(Records from a data source)

=======

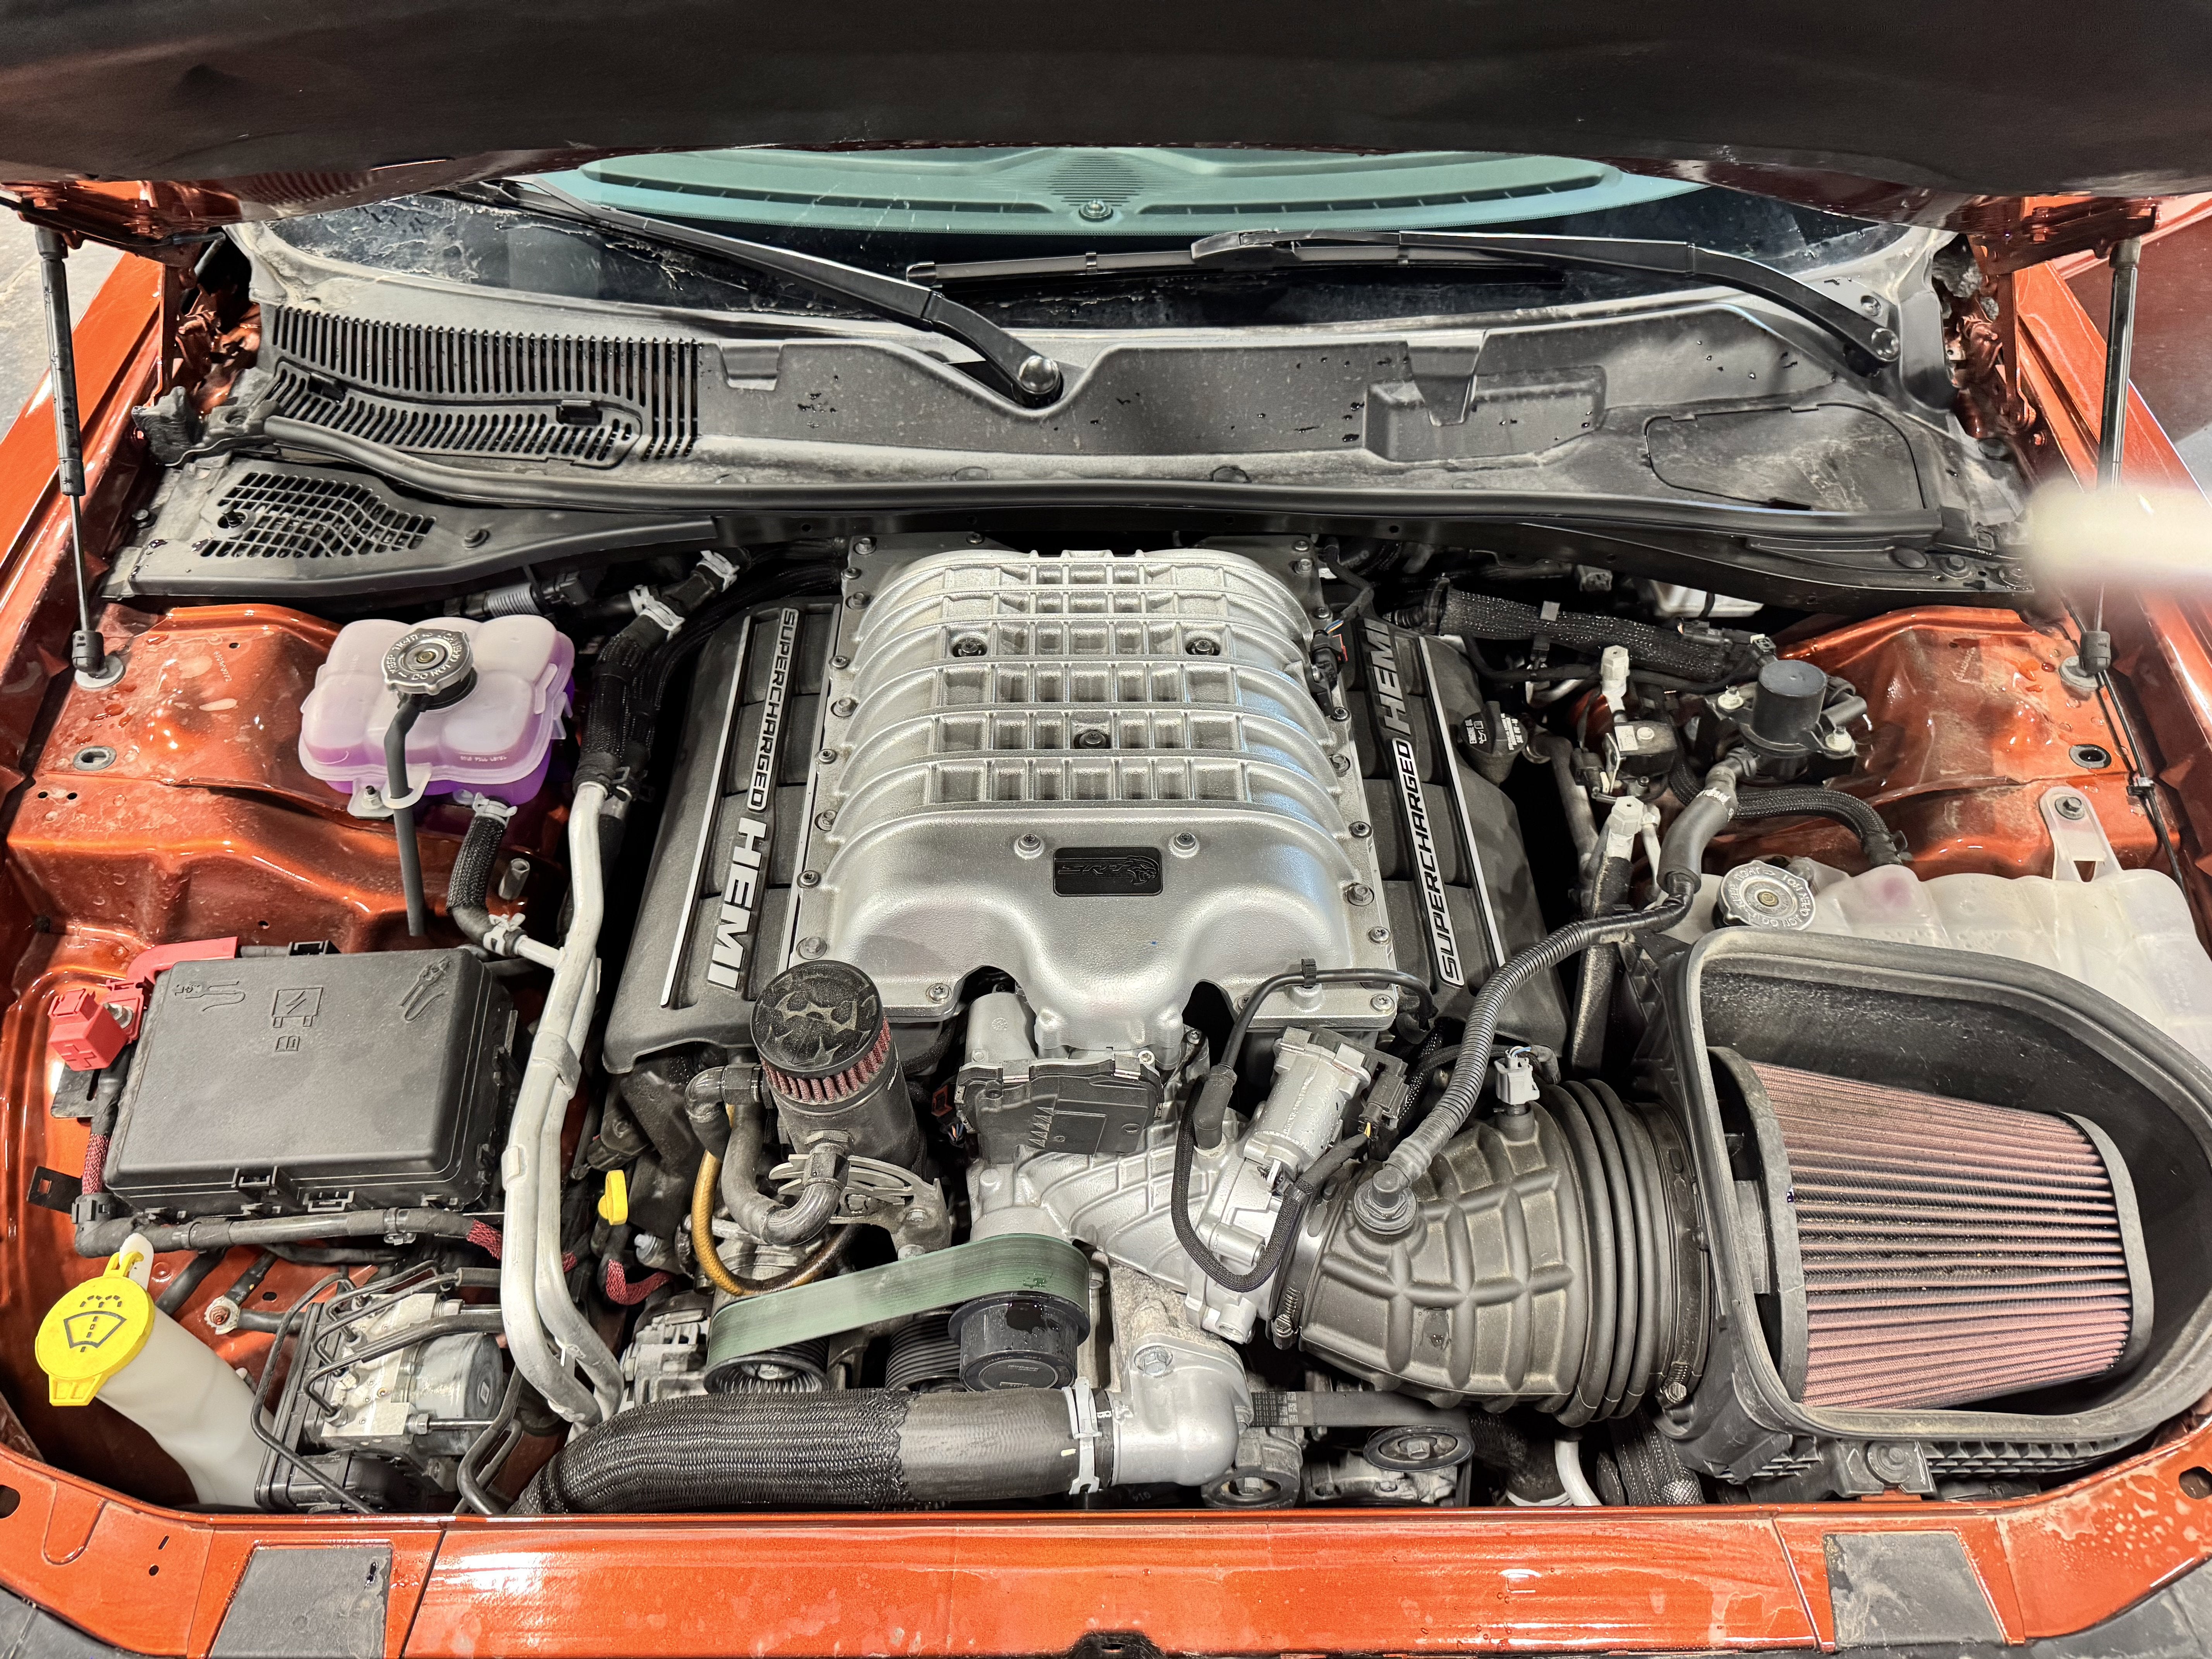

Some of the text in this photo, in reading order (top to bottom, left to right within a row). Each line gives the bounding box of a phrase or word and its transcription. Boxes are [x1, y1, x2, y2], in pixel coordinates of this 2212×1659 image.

[430, 663, 451, 677] NOT
[749, 609, 798, 808] SUPERCHARGED
[1364, 618, 1412, 737] HEMI
[1467, 726, 1477, 744] ENGINE
[707, 817, 767, 990] HEMI
[1058, 864, 1131, 876] SRT
[1396, 741, 1462, 982] SUPERCHARGED
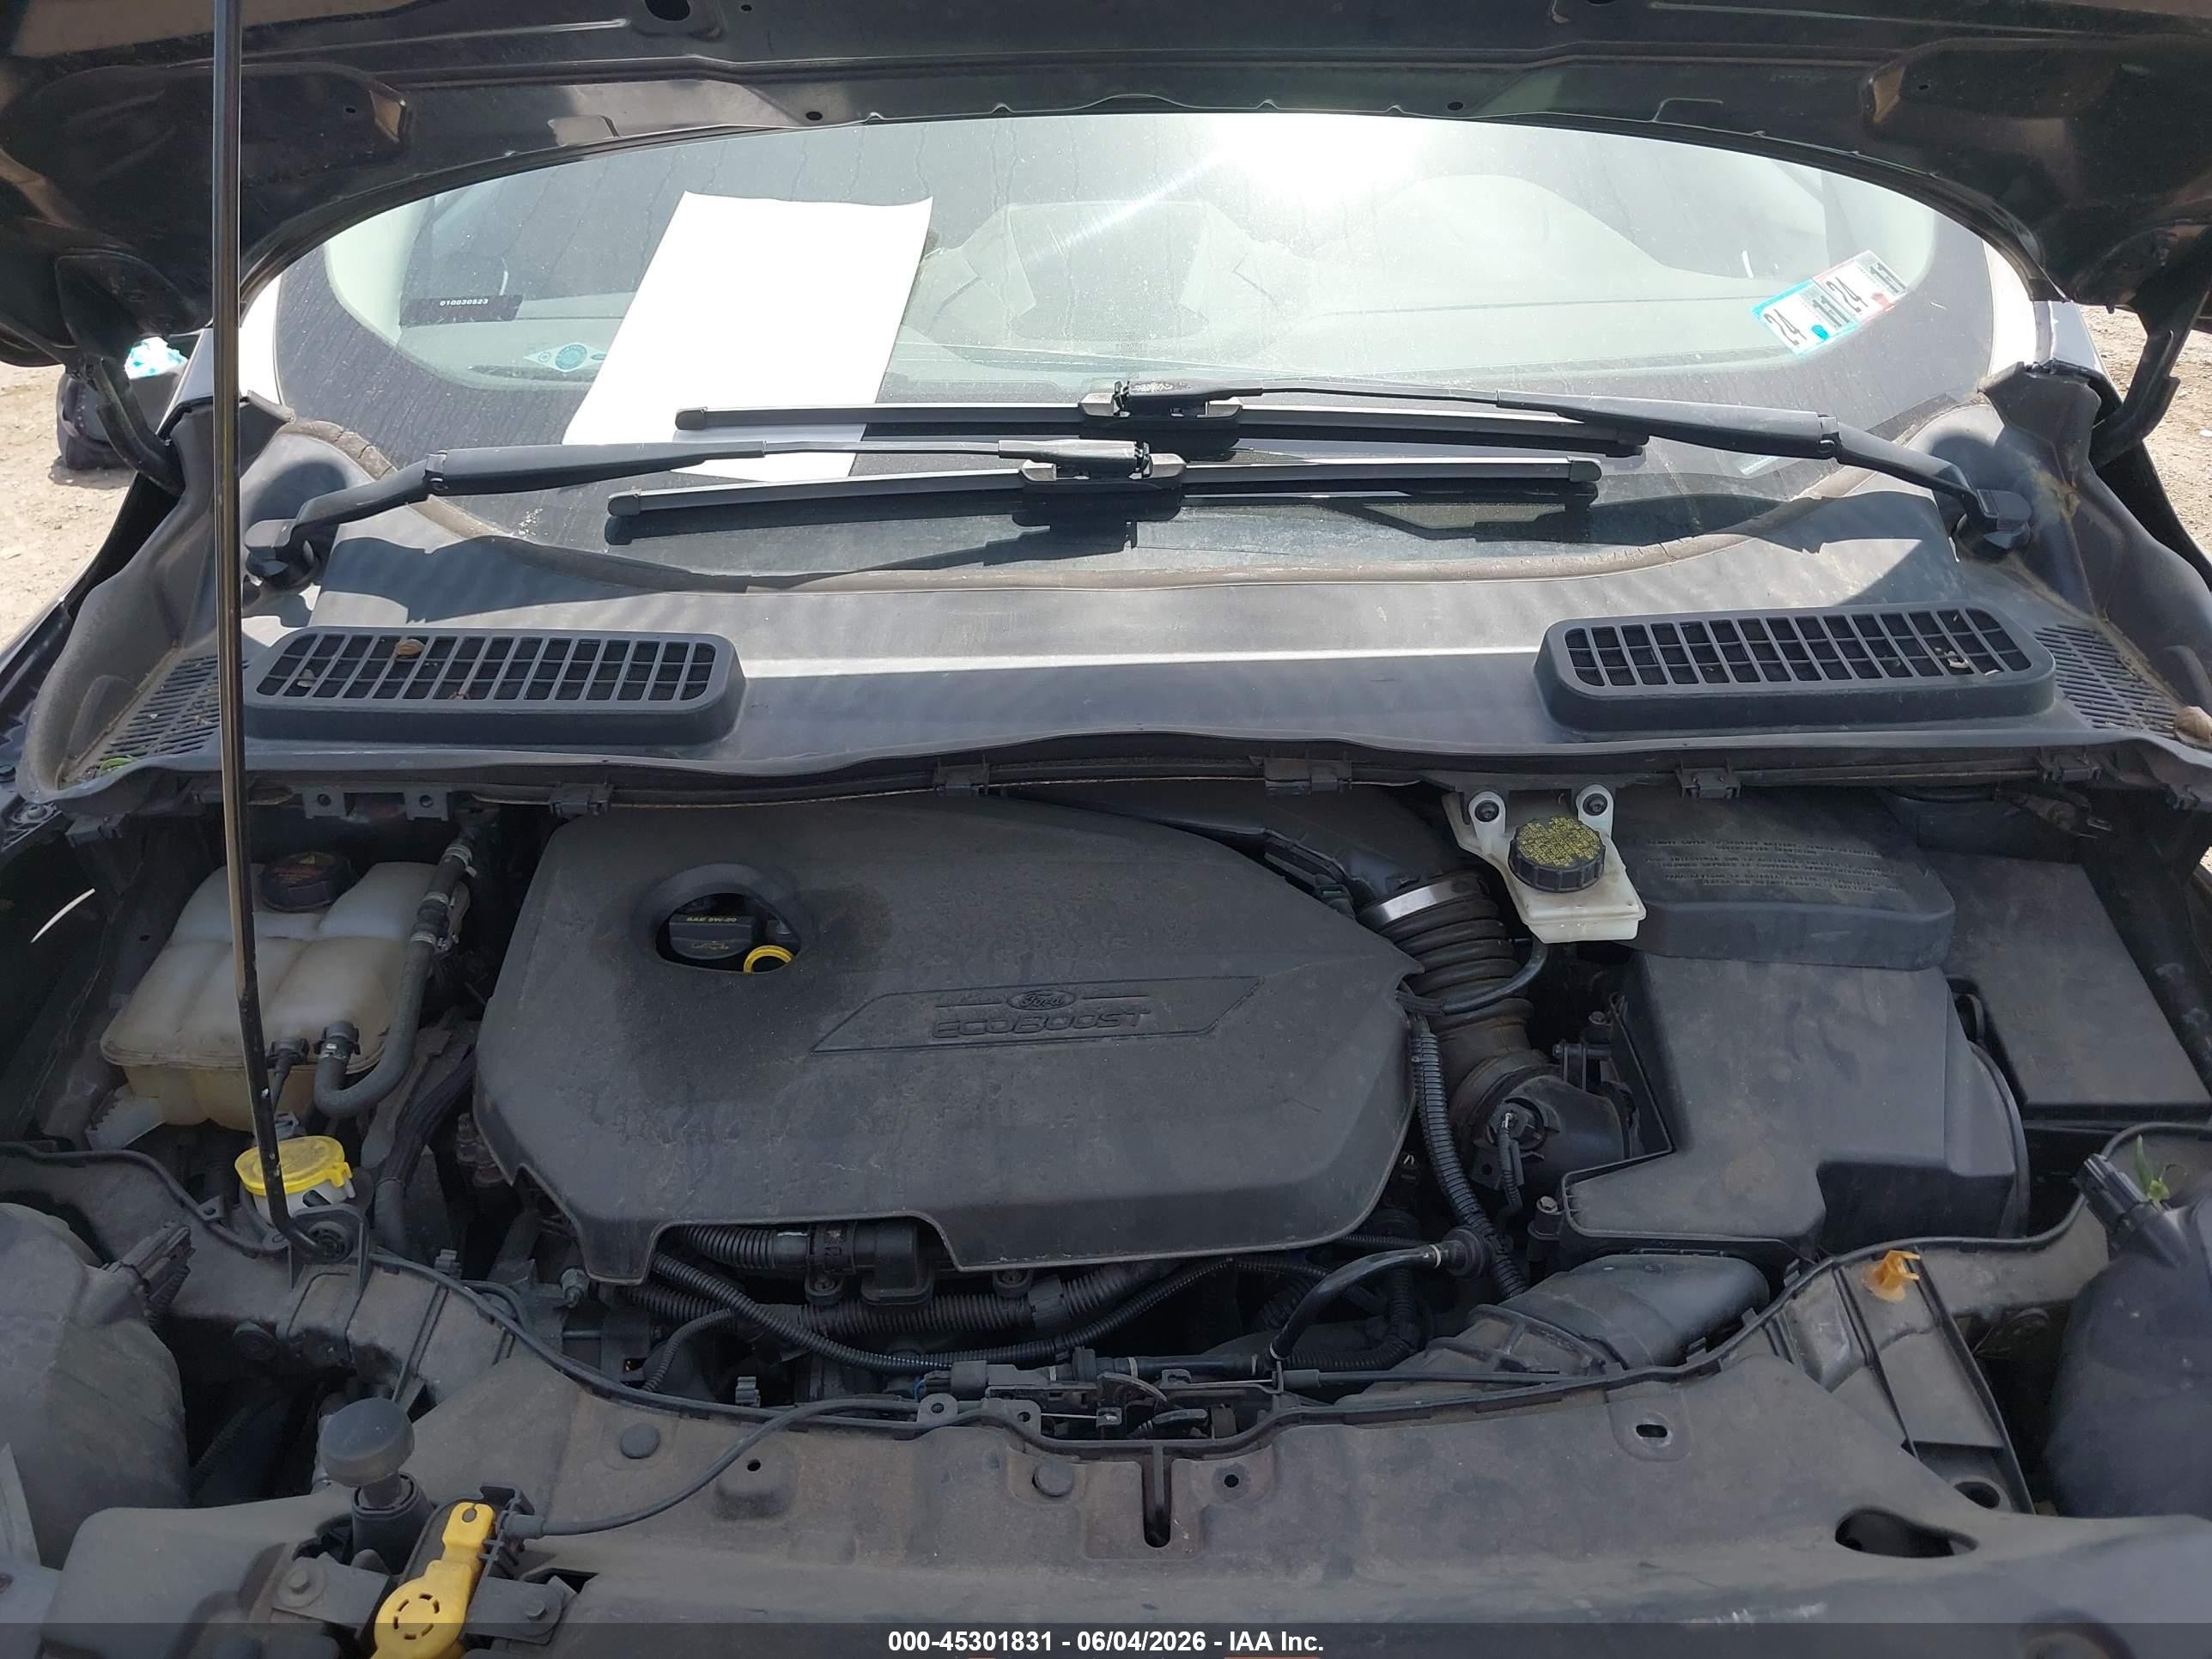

=======

#### [WHAT YOU NEED TO DO]
Output the records above unchanged, minus their pictures.

#### [EXERCISE ANSWER]
Some of the text in this photo, in reading order (top to bottom, left to right within a row). Each line gives the bounding box of a phrase or word and its transcription. Boxes are [x1, y1, x2, y2], in pixel coordinates of this 2212×1659 image.

[430, 663, 451, 677] NOT
[749, 609, 798, 808] SUPERCHARGED
[1364, 618, 1412, 737] HEMI
[1467, 726, 1477, 744] ENGINE
[707, 817, 767, 990] HEMI
[1058, 864, 1131, 876] SRT
[1396, 741, 1462, 982] SUPERCHARGED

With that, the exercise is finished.